Fire Loss

Over the past two weeks people have been talking about the fire almost exclusively in the context of the 2007 elections. Today, i got the chance to speak with a wonderful person named Cleo, and we talked of the fire from the point of view of history.

Or, to be more precise, the history that the COMELEC lost.

First off, there was the library. The COMELEC library was, to the best of my knowledge, the only repository of the COMELEC Reports – the written record of all COMELEC en banc decisions. Kinda like a SCRA for the COMELEC. The Reports came up to about the mid-70’s I think, after which the COMELEC stopped publishing them.

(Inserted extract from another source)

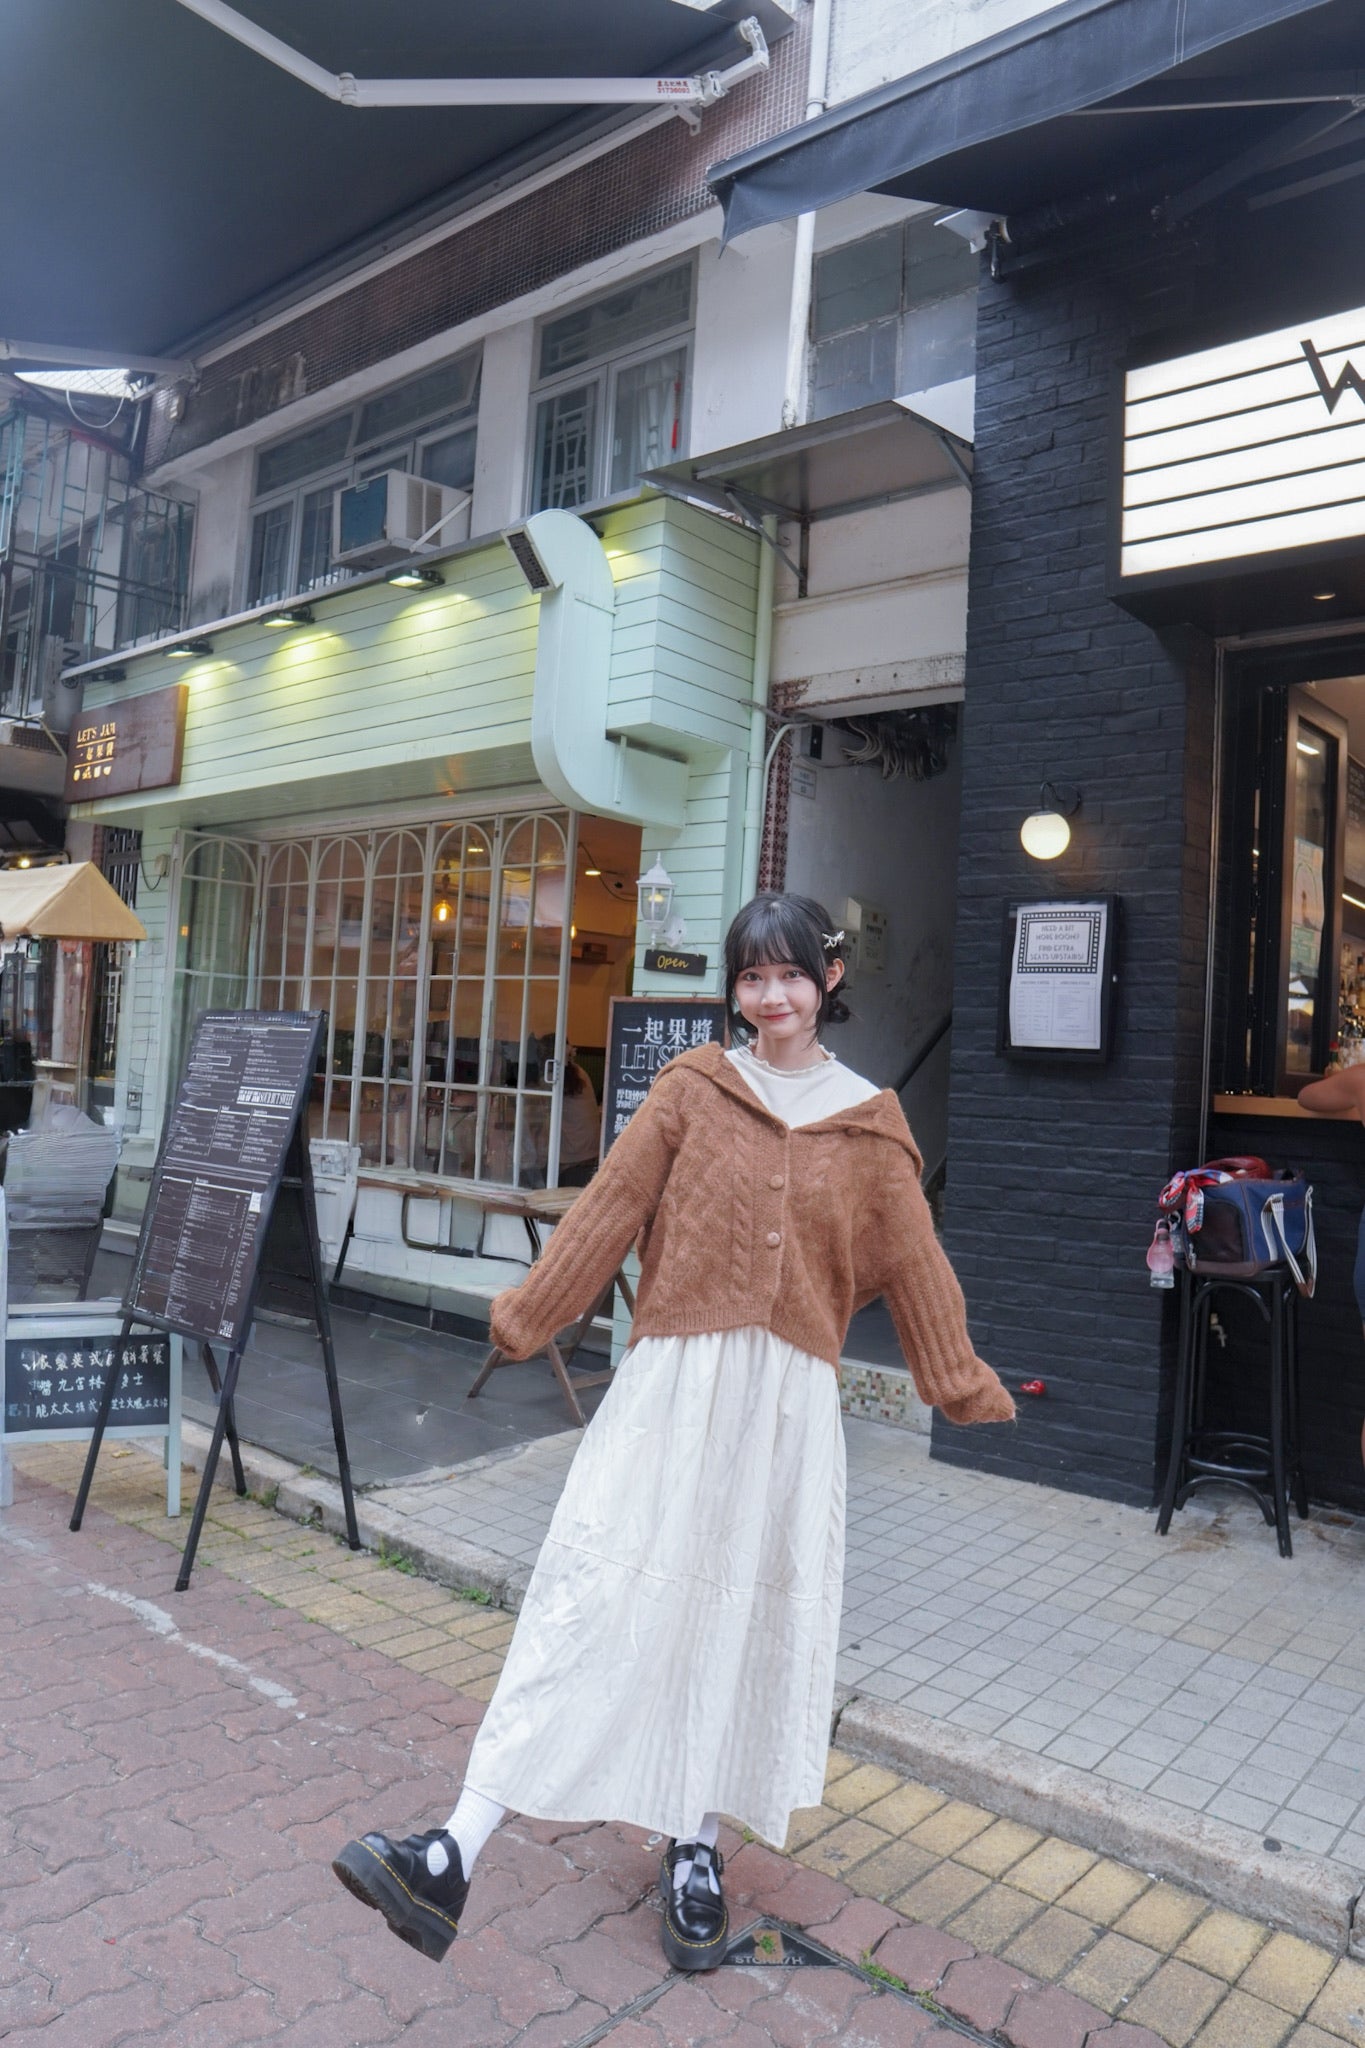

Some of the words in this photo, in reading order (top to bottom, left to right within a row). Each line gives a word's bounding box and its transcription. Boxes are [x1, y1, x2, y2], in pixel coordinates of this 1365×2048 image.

But considering that the COMELEC has been around for more than 60 years, it would be fair to say that those Reports represented a huge chunk of our official history.

There was also the EID (my office) Gallery. In the Gallery, the EID-PR Division had painstakingly collected portraits of past COMELEC Commissioners, past Chairmen, and various images of elections past. Not quite as hoary as the COMELEC reports, but again, invaluable facets of the COMELEC’s history.

And finally, on a more personal note, I lost a  pair of campaign matchbooks used by then Presidential candidate Diosdado Macapagal.

***

After Cleo and I talked, the sense of loss that descended on me was pretty bad. Even the possibility of finding duplicates in the National Library, the Library of Congress, or even the Ayala Museum offered scant comfort.  I suppose it has finally dawned on me that when the nation lost the COMELEC Main Building, I lost pieces of me as well.

A little bit of Tori would be good right about now.

2 Responses

  1. sir james,

    it is cruel indeed for some people to look at the fire as a prelude to a sinister plot to manipulate the elections and unresolved poll cases. it pains us more here at the field when almost everybody think that we at the commission have outlived our usefulness… keep up the faith.

  2. Thanks, remarque.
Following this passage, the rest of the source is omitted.